§ **Exercise directions**: Produce an exact copy of all the data below, dropping every image.

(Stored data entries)
•••••
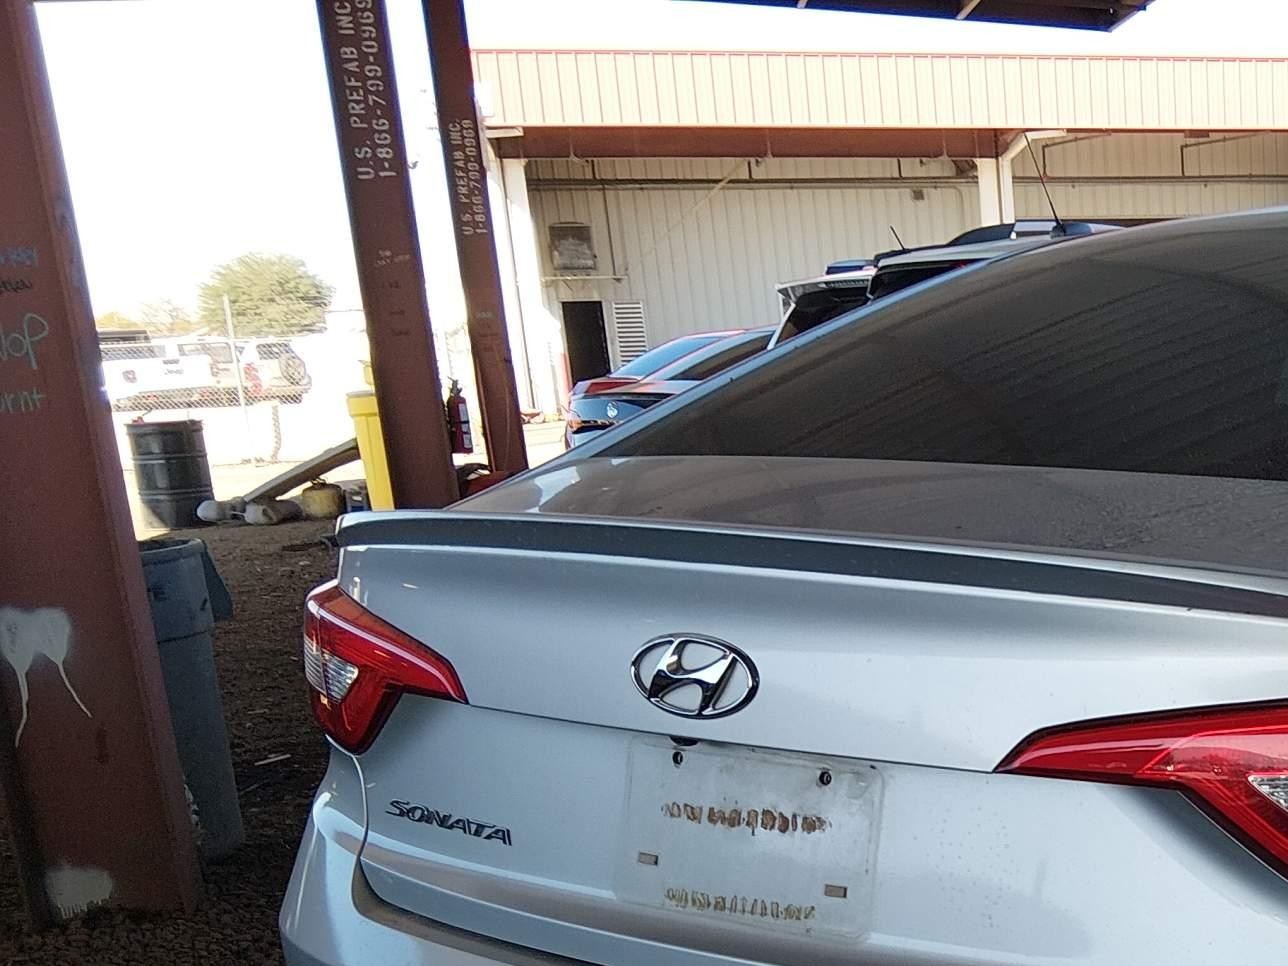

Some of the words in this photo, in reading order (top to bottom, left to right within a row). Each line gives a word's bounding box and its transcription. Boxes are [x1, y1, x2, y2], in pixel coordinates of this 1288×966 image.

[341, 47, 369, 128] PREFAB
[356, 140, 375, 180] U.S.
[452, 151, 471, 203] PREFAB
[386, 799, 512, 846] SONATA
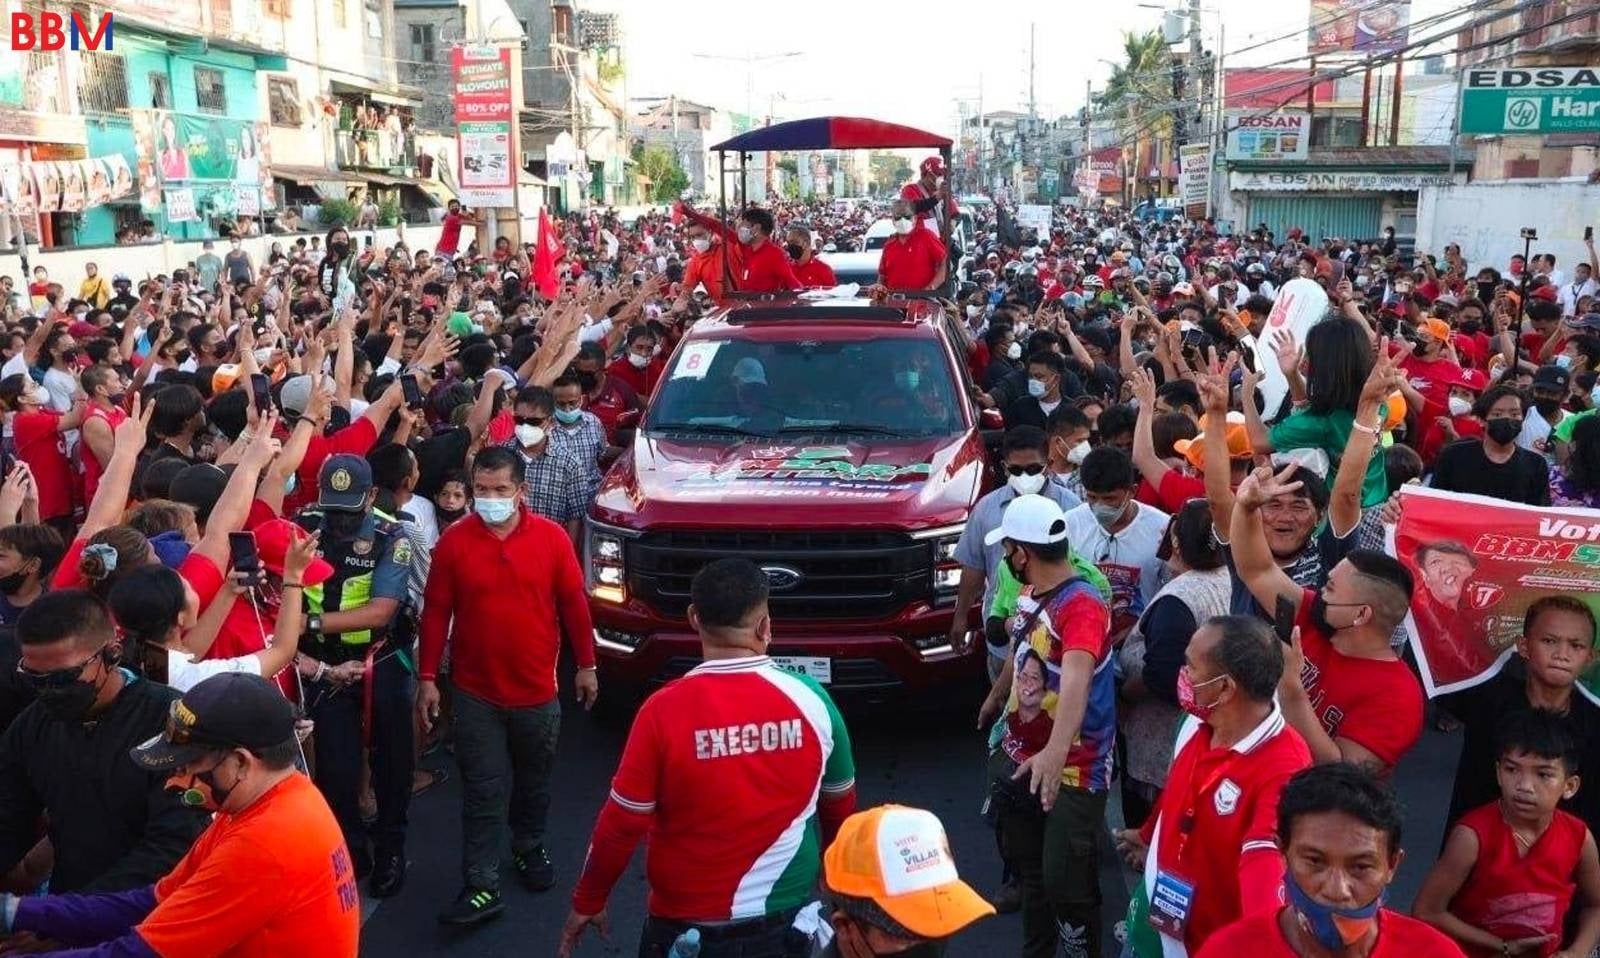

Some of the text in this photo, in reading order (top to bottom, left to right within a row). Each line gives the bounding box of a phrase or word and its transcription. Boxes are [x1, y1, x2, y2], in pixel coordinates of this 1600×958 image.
•••••
§ **Response**:
Some of the words in this photo, in reading order (top to bottom, left to right within a row). Each line gives a word's bounding box and its transcription. Boxes are [x1, y1, x2, y2], in pixel coordinates of this 1288×966 image.

[341, 47, 369, 128] PREFAB
[356, 140, 375, 180] U.S.
[452, 151, 471, 203] PREFAB
[386, 799, 512, 846] SONATA

Some of the text in this photo, in reading order (top to bottom, left to right within a row). Each line gives the bounding box of a phrase or word and its transcription. Boxes are [x1, y1, x2, y2], in pixel coordinates of this 1600×958 image.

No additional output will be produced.